A Study in Experiential Turns and Cultural Dynamics from the Paleolithic to the Present Day

«

Few concepts are more commonplace than "experience." But seek to describe what experience is and one is lost in a fog of obscurity. Wolfgang Leidbold’s encyclopedic new book cuts a path through the fog. It examines not just the structure of experience but the transformations of this structure since Paleolithic times. Brace yourself for a ride through time and space. Experience will never look or feel the same again.

Prof. Peter Baehr, Fellow of the Center for Social and Political Thought, University of South Florida

Time, domains of reality, speculative theories, all partake in a participatory universe; according to Wolfgang Leidhold, one of the preeminent Western thinkers connecting the dots across the sciences, art, and human history, from our inner dimensions to the dimensions of outer space.
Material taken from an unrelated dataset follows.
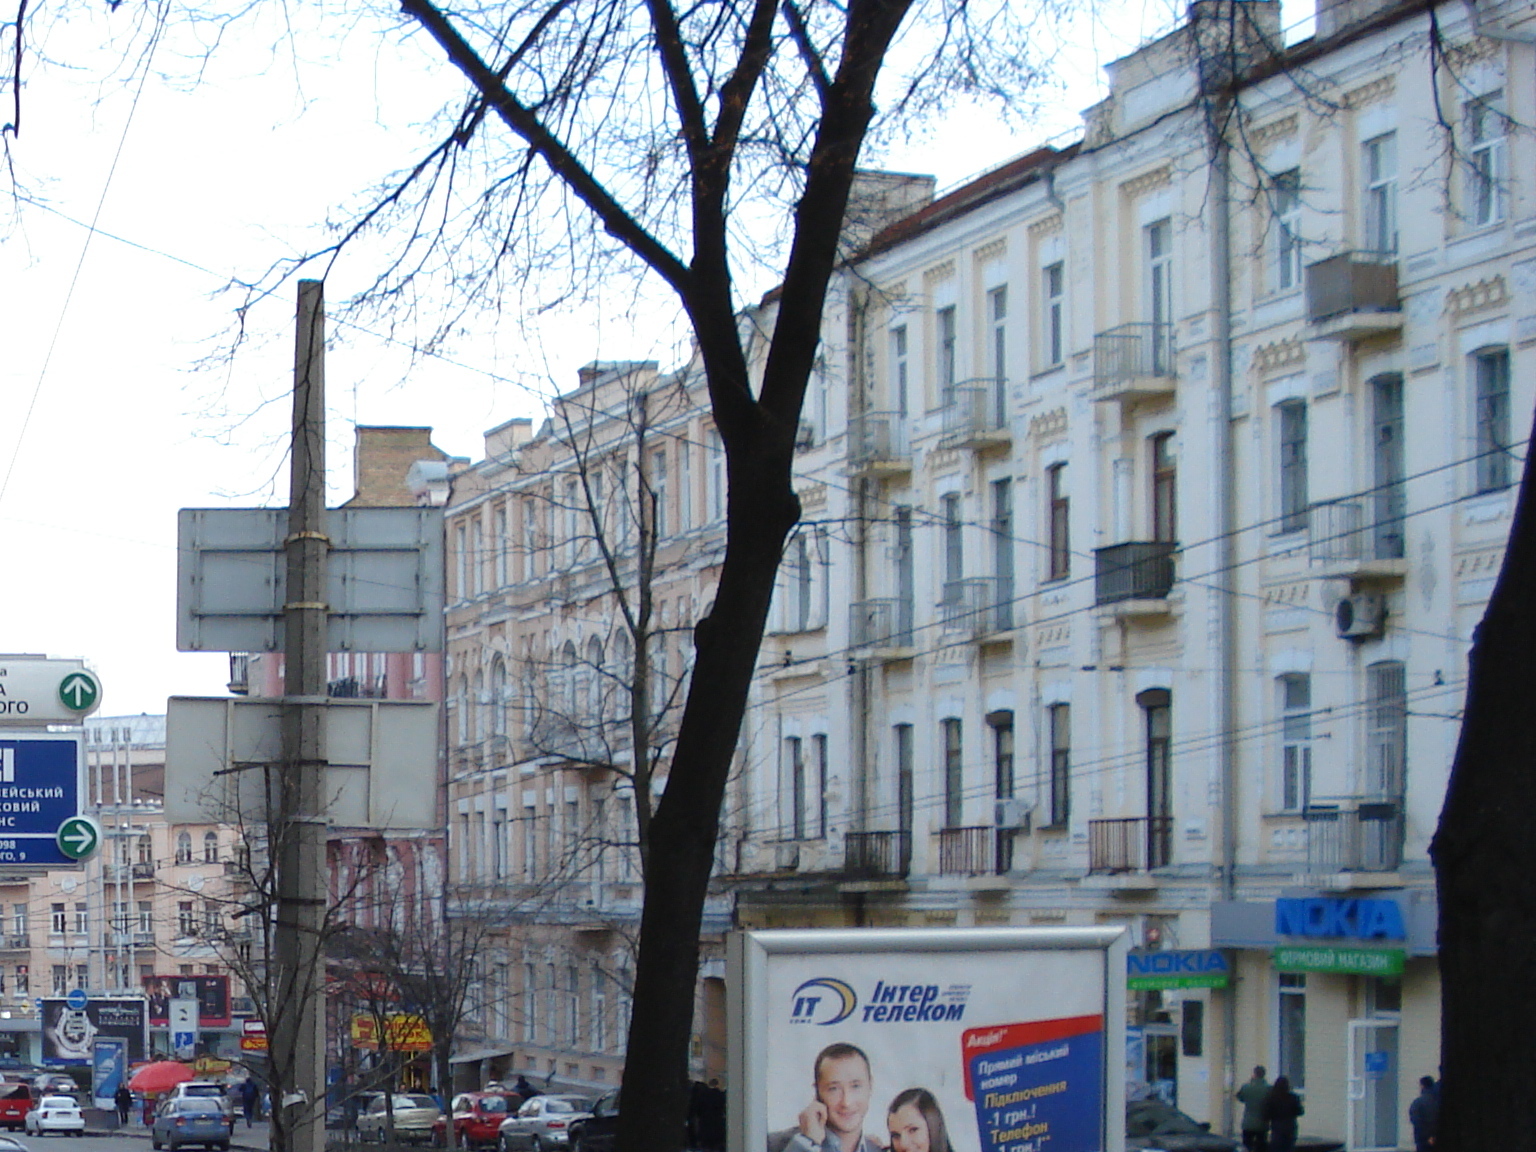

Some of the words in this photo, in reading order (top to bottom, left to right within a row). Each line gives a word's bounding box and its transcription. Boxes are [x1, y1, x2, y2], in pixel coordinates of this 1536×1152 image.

A must-read for the curious, looking for what’s next in human experience by examining some of our past.

Prof. Rhea Alexander, Strategic Design & Management, Parsons School of Design in The New School, NYC

Leidhold combines an encyclopedic grasp of intellectual and social history with an expansive sensibility regarding the varieties of human experience, as part of as sustained meditation on the nature of mind. The stupendous reach of his scholarship has culminated in a sustained reflection on "the changing structures of human experience." He gives us a project of unusual breadth and ambition with many implications to work out. One that seems particularly important is that it helps us become more fully aware of a fundamental narrowing of the gaze of the modern social sciences: we are dealing with a case of atrophy of experience, leading the social sciences to a "timid metaphysics", where the most stable human motivation is presumed to be that form of greed that economists call "utility maximization."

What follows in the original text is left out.